Start of RECORDS SUPPLIED

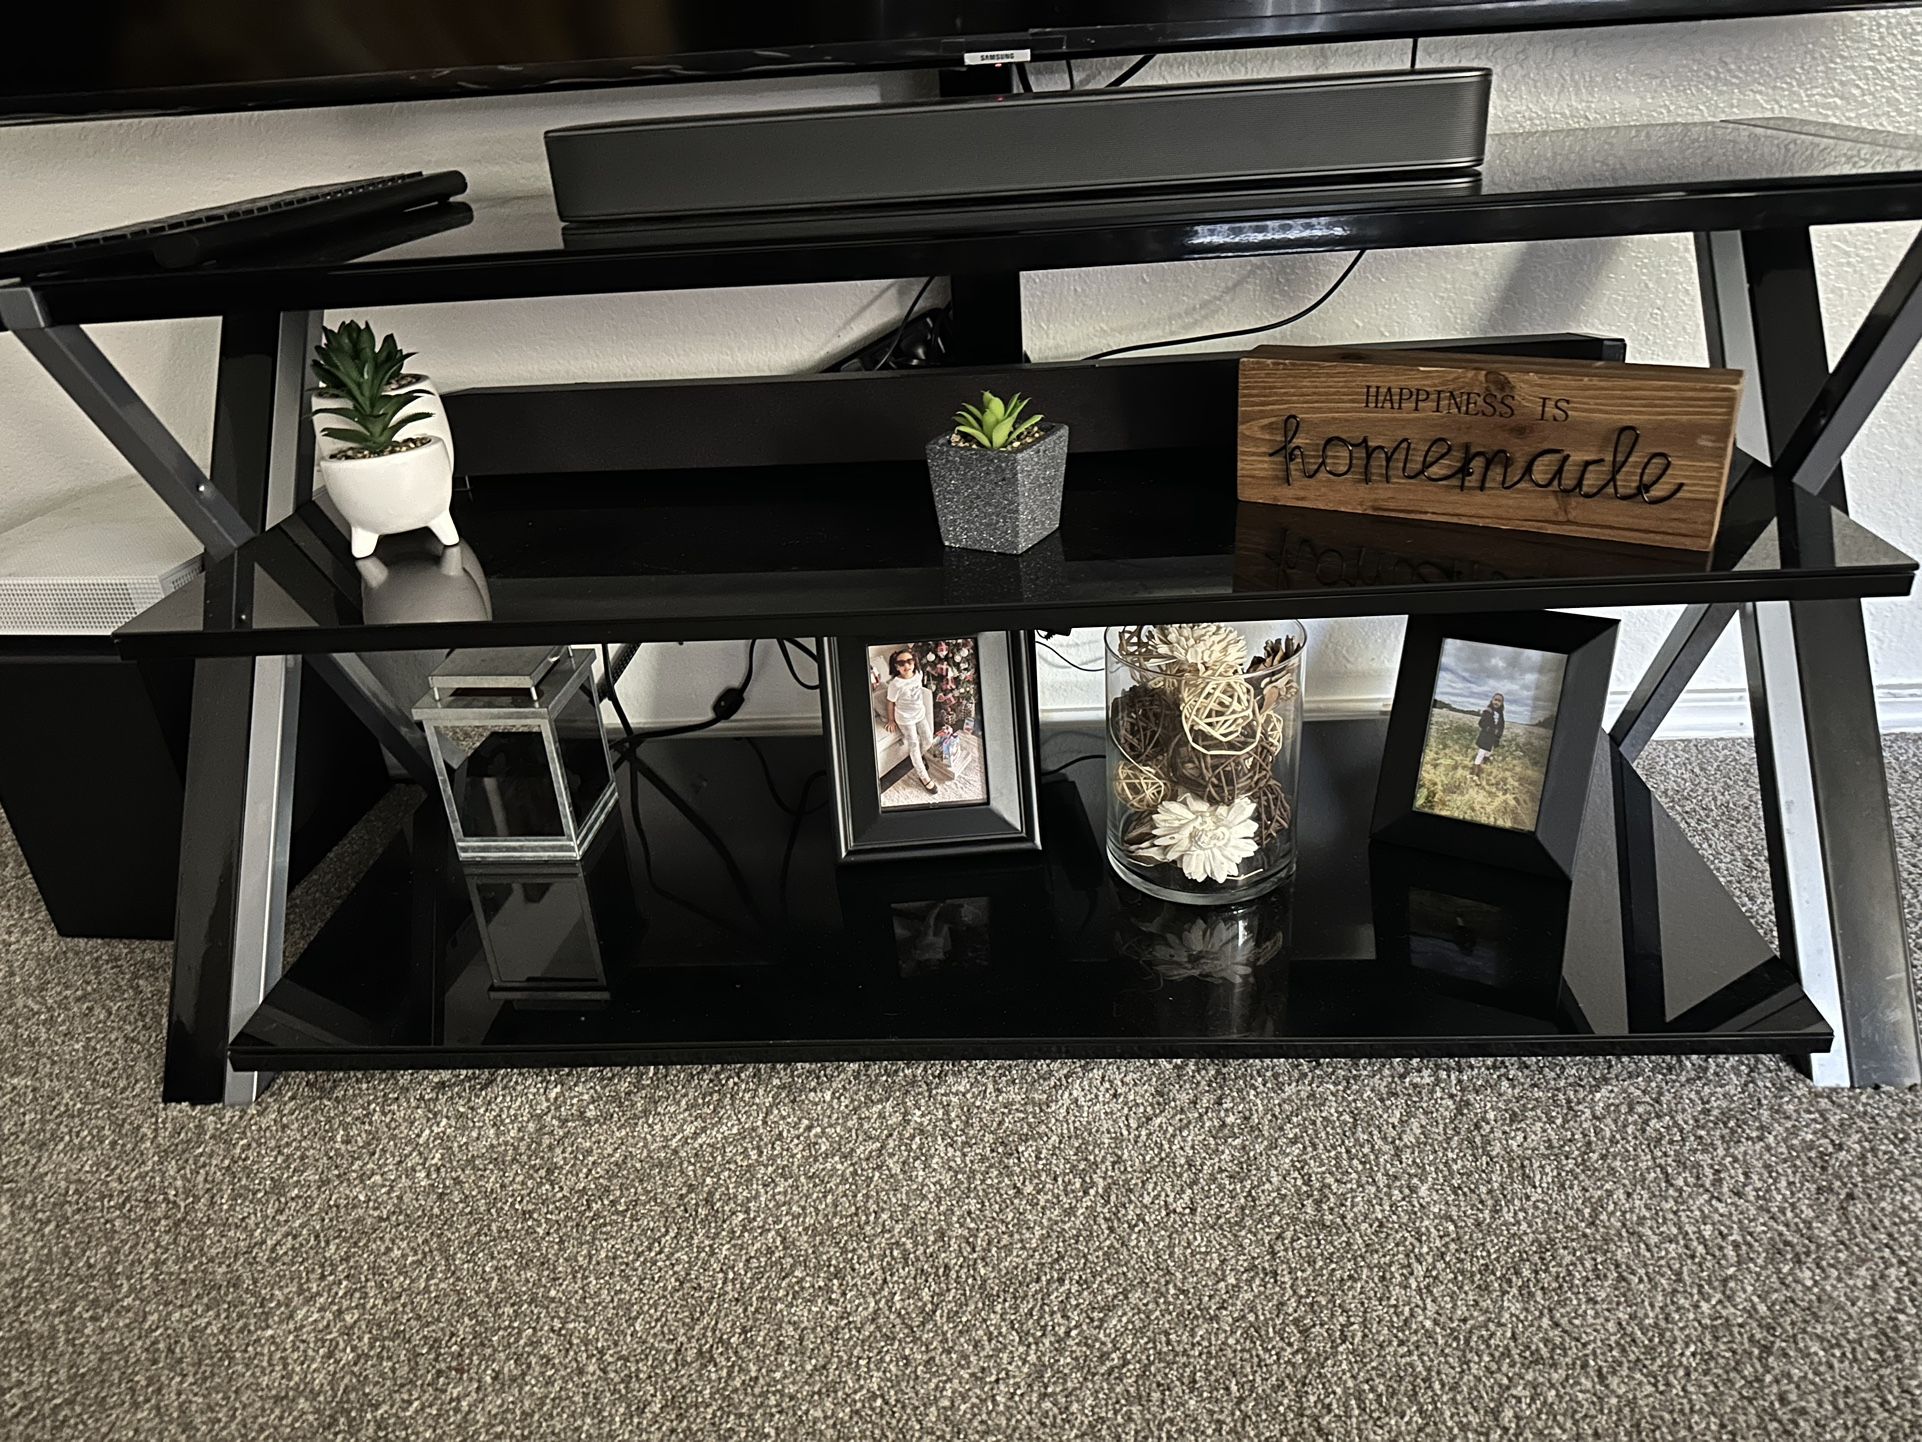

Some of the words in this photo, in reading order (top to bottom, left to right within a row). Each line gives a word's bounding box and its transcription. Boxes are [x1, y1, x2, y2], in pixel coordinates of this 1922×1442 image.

[980, 53, 1014, 61] SAMSUNG
[1364, 385, 1515, 418] HAPPINESS
[1536, 396, 1570, 422] IS
[1268, 414, 1684, 505] homemade
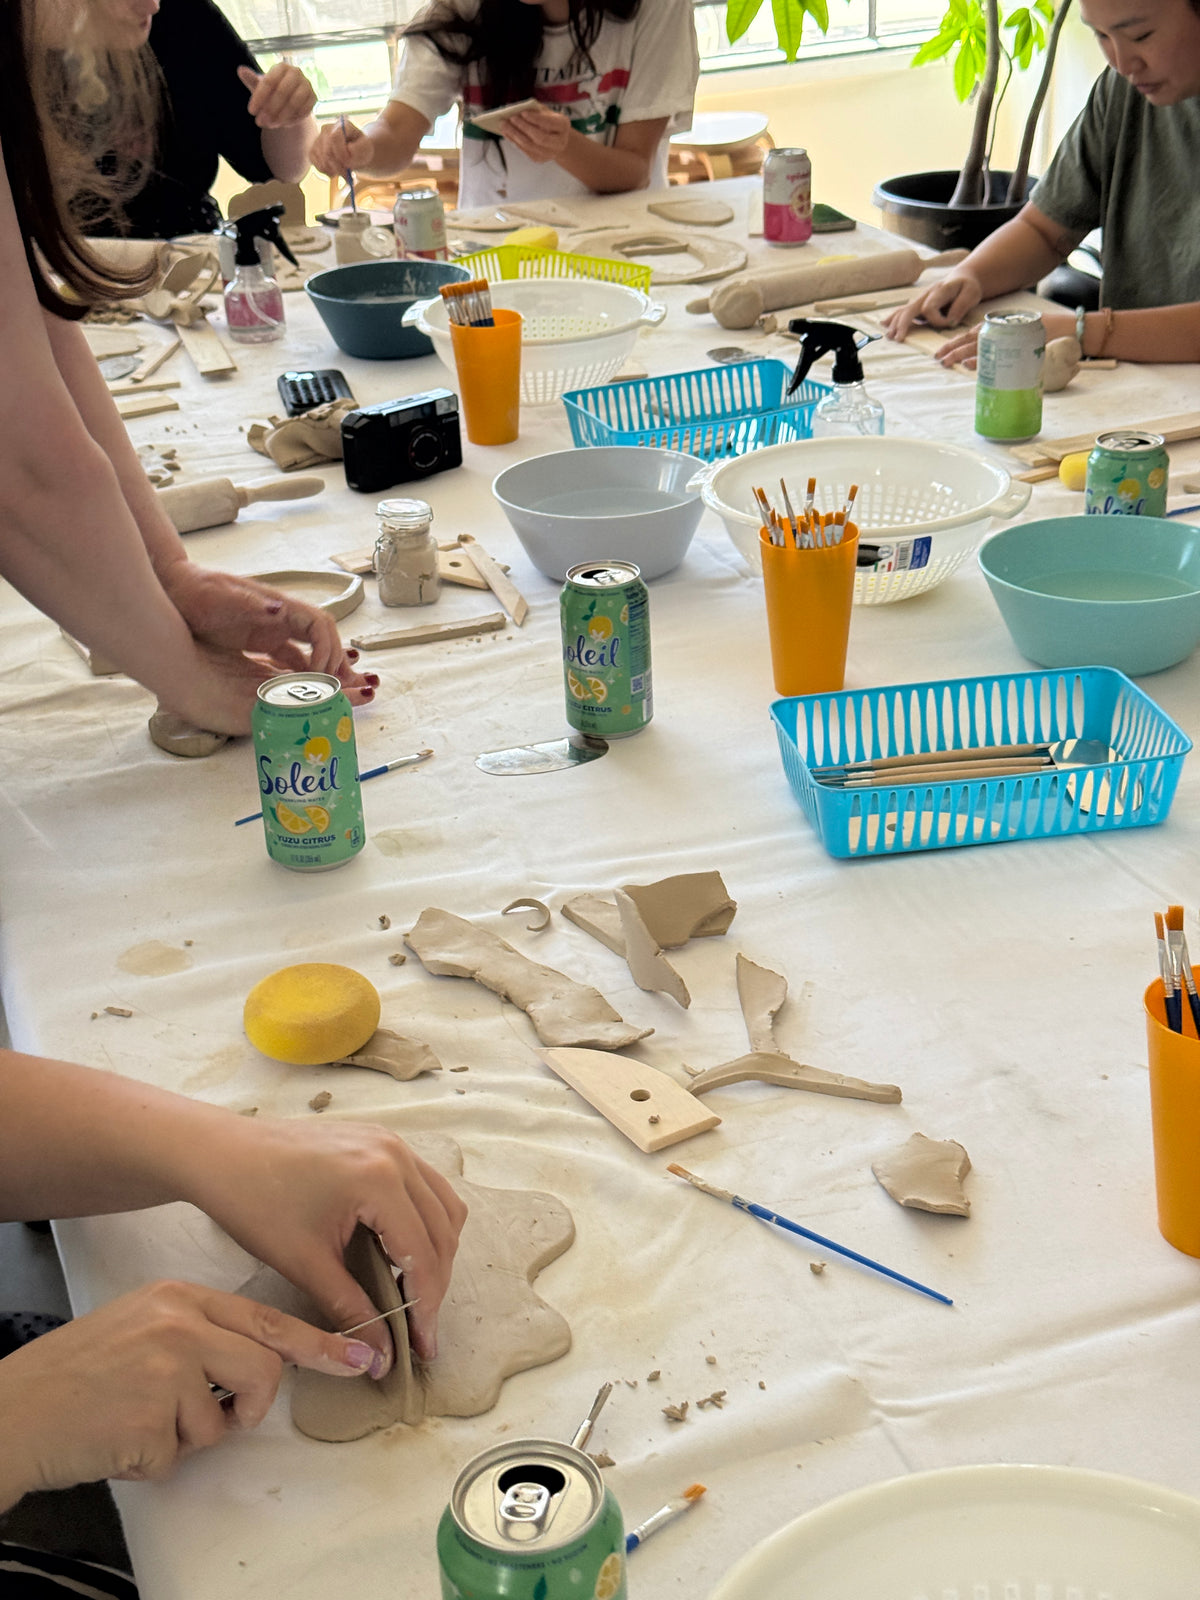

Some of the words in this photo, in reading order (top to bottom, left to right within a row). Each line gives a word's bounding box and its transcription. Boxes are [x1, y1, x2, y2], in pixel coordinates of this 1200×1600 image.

[563, 634, 623, 668] oleil
[582, 705, 613, 713] CITRUS
[259, 755, 342, 796] Soleil
[277, 834, 300, 844] YUZU
[302, 834, 336, 845] CITRUS

End of RECORDS SUPPLIED

-- PROBLEM DETAILS --
Please print all the data above word for word. Pictures should not appear in the copy.

-- OUTPUT FOR THIS EXERCISE --
Some of the words in this photo, in reading order (top to bottom, left to right within a row). Each line gives a word's bounding box and its transcription. Boxes are [x1, y1, x2, y2], in pixel coordinates of this 1922×1442 image.

[980, 53, 1014, 61] SAMSUNG
[1364, 385, 1515, 418] HAPPINESS
[1536, 396, 1570, 422] IS
[1268, 414, 1684, 505] homemade

Some of the words in this photo, in reading order (top to bottom, left to right within a row). Each line gives a word's bounding box and its transcription. Boxes are [x1, y1, x2, y2], in pixel coordinates of this 1200×1600 image.

[563, 634, 623, 668] oleil
[582, 705, 613, 713] CITRUS
[259, 755, 342, 796] Soleil
[277, 834, 300, 844] YUZU
[302, 834, 336, 845] CITRUS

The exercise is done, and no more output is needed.